## [What this task involves]
Every single entry should be printed exactly.

----- Available data -----

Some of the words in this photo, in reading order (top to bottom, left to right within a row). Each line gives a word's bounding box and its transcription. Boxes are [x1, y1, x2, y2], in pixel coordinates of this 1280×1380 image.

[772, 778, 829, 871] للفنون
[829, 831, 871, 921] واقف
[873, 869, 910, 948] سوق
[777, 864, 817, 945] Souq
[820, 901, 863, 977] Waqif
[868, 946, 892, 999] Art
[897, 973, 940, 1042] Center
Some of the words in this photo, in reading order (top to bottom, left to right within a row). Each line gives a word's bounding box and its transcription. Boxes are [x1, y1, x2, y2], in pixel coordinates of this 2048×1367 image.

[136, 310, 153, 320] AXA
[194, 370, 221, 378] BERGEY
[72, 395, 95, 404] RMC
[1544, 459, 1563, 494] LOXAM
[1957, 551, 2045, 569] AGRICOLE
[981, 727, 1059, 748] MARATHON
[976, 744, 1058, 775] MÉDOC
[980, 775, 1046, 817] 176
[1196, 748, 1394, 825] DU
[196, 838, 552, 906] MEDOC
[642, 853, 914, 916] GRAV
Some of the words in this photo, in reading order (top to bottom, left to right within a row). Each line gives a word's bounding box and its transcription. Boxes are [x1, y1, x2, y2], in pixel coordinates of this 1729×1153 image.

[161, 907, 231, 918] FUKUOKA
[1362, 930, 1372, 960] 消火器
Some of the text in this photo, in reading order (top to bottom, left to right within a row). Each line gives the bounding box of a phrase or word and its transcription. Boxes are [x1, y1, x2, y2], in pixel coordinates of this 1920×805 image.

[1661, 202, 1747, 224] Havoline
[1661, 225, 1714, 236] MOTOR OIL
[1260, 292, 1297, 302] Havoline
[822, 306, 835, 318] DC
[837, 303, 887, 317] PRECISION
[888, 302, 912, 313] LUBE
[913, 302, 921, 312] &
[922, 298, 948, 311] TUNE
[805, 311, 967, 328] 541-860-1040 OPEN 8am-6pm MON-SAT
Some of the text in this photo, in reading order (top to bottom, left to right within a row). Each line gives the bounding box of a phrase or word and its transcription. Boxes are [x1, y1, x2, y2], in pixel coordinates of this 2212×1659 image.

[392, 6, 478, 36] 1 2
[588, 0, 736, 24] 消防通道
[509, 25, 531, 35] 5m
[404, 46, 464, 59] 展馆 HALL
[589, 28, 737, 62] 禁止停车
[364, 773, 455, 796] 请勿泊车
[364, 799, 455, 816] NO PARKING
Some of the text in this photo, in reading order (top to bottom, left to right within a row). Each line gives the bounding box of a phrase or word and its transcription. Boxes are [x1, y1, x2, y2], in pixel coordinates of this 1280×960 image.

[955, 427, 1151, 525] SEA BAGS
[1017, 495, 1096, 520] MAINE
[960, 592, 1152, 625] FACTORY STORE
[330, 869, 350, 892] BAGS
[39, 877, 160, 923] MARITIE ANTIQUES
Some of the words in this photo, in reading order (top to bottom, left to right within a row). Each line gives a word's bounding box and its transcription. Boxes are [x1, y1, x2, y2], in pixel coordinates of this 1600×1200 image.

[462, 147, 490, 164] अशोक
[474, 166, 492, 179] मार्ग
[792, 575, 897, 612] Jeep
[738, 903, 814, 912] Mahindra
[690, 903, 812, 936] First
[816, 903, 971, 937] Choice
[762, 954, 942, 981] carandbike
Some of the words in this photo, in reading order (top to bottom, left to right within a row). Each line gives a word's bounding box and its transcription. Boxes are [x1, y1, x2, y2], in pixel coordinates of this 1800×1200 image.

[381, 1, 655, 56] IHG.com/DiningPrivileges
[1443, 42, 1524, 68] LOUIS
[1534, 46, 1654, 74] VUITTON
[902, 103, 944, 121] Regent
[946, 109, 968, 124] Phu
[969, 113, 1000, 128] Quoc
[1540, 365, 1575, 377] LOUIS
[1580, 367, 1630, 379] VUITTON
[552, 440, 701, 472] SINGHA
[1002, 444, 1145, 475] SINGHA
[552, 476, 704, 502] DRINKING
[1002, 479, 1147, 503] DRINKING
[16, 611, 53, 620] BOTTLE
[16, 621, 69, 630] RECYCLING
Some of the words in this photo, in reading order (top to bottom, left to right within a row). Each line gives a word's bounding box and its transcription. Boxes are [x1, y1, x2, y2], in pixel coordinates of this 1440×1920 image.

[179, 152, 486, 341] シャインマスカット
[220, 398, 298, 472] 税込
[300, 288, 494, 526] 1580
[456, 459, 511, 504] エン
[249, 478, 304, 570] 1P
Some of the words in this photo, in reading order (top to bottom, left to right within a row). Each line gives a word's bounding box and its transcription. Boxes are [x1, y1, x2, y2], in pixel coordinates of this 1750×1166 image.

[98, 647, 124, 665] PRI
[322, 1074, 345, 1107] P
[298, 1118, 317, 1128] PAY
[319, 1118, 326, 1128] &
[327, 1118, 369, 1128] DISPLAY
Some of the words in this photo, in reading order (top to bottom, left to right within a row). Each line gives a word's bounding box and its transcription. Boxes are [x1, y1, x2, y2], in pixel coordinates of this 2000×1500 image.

-----

## [Problem solution]
Some of the words in this photo, in reading order (top to bottom, left to right within a row). Each line gives a word's bounding box and its transcription. Boxes are [x1, y1, x2, y2], in pixel coordinates of this 1280×1380 image.

[772, 778, 829, 871] للفنون
[829, 831, 871, 921] واقف
[873, 869, 910, 948] سوق
[777, 864, 817, 945] Souq
[820, 901, 863, 977] Waqif
[868, 946, 892, 999] Art
[897, 973, 940, 1042] Center
Some of the words in this photo, in reading order (top to bottom, left to right within a row). Each line gives a word's bounding box and its transcription. Boxes are [x1, y1, x2, y2], in pixel coordinates of this 2048×1367 image.

[136, 310, 153, 320] AXA
[194, 370, 221, 378] BERGEY
[72, 395, 95, 404] RMC
[1544, 459, 1563, 494] LOXAM
[1957, 551, 2045, 569] AGRICOLE
[981, 727, 1059, 748] MARATHON
[976, 744, 1058, 775] MÉDOC
[980, 775, 1046, 817] 176
[1196, 748, 1394, 825] DU
[196, 838, 552, 906] MEDOC
[642, 853, 914, 916] GRAV
Some of the words in this photo, in reading order (top to bottom, left to right within a row). Each line gives a word's bounding box and its transcription. Boxes are [x1, y1, x2, y2], in pixel coordinates of this 1729×1153 image.

[161, 907, 231, 918] FUKUOKA
[1362, 930, 1372, 960] 消火器
Some of the text in this photo, in reading order (top to bottom, left to right within a row). Each line gives the bounding box of a phrase or word and its transcription. Boxes are [x1, y1, x2, y2], in pixel coordinates of this 1920×805 image.

[1661, 202, 1747, 224] Havoline
[1661, 225, 1714, 236] MOTOR OIL
[1260, 292, 1297, 302] Havoline
[822, 306, 835, 318] DC
[837, 303, 887, 317] PRECISION
[888, 302, 912, 313] LUBE
[913, 302, 921, 312] &
[922, 298, 948, 311] TUNE
[805, 311, 967, 328] 541-860-1040 OPEN 8am-6pm MON-SAT
Some of the text in this photo, in reading order (top to bottom, left to right within a row). Each line gives the bounding box of a phrase or word and its transcription. Boxes are [x1, y1, x2, y2], in pixel coordinates of this 2212×1659 image.

[392, 6, 478, 36] 1 2
[588, 0, 736, 24] 消防通道
[509, 25, 531, 35] 5m
[404, 46, 464, 59] 展馆 HALL
[589, 28, 737, 62] 禁止停车
[364, 773, 455, 796] 请勿泊车
[364, 799, 455, 816] NO PARKING
Some of the text in this photo, in reading order (top to bottom, left to right within a row). Each line gives the bounding box of a phrase or word and its transcription. Boxes are [x1, y1, x2, y2], in pixel coordinates of this 1280×960 image.

[955, 427, 1151, 525] SEA BAGS
[1017, 495, 1096, 520] MAINE
[960, 592, 1152, 625] FACTORY STORE
[330, 869, 350, 892] BAGS
[39, 877, 160, 923] MARITIE ANTIQUES
Some of the words in this photo, in reading order (top to bottom, left to right within a row). Each line gives a word's bounding box and its transcription. Boxes are [x1, y1, x2, y2], in pixel coordinates of this 1600×1200 image.

[462, 147, 490, 164] अशोक
[474, 166, 492, 179] मार्ग
[792, 575, 897, 612] Jeep
[738, 903, 814, 912] Mahindra
[690, 903, 812, 936] First
[816, 903, 971, 937] Choice
[762, 954, 942, 981] carandbike
Some of the words in this photo, in reading order (top to bottom, left to right within a row). Each line gives a word's bounding box and its transcription. Boxes are [x1, y1, x2, y2], in pixel coordinates of this 1800×1200 image.

[381, 1, 655, 56] IHG.com/DiningPrivileges
[1443, 42, 1524, 68] LOUIS
[1534, 46, 1654, 74] VUITTON
[902, 103, 944, 121] Regent
[946, 109, 968, 124] Phu
[969, 113, 1000, 128] Quoc
[1540, 365, 1575, 377] LOUIS
[1580, 367, 1630, 379] VUITTON
[552, 440, 701, 472] SINGHA
[1002, 444, 1145, 475] SINGHA
[552, 476, 704, 502] DRINKING
[1002, 479, 1147, 503] DRINKING
[16, 611, 53, 620] BOTTLE
[16, 621, 69, 630] RECYCLING
Some of the words in this photo, in reading order (top to bottom, left to right within a row). Each line gives a word's bounding box and its transcription. Boxes are [x1, y1, x2, y2], in pixel coordinates of this 1440×1920 image.

[179, 152, 486, 341] シャインマスカット
[220, 398, 298, 472] 税込
[300, 288, 494, 526] 1580
[456, 459, 511, 504] エン
[249, 478, 304, 570] 1P
Some of the words in this photo, in reading order (top to bottom, left to right within a row). Each line gives a word's bounding box and its transcription. Boxes are [x1, y1, x2, y2], in pixel coordinates of this 1750×1166 image.

[98, 647, 124, 665] PRI
[322, 1074, 345, 1107] P
[298, 1118, 317, 1128] PAY
[319, 1118, 326, 1128] &
[327, 1118, 369, 1128] DISPLAY
Some of the words in this photo, in reading order (top to bottom, left to right within a row). Each line gives a word's bounding box and its transcription. Boxes are [x1, y1, x2, y2], in pixel coordinates of this 2000×1500 image.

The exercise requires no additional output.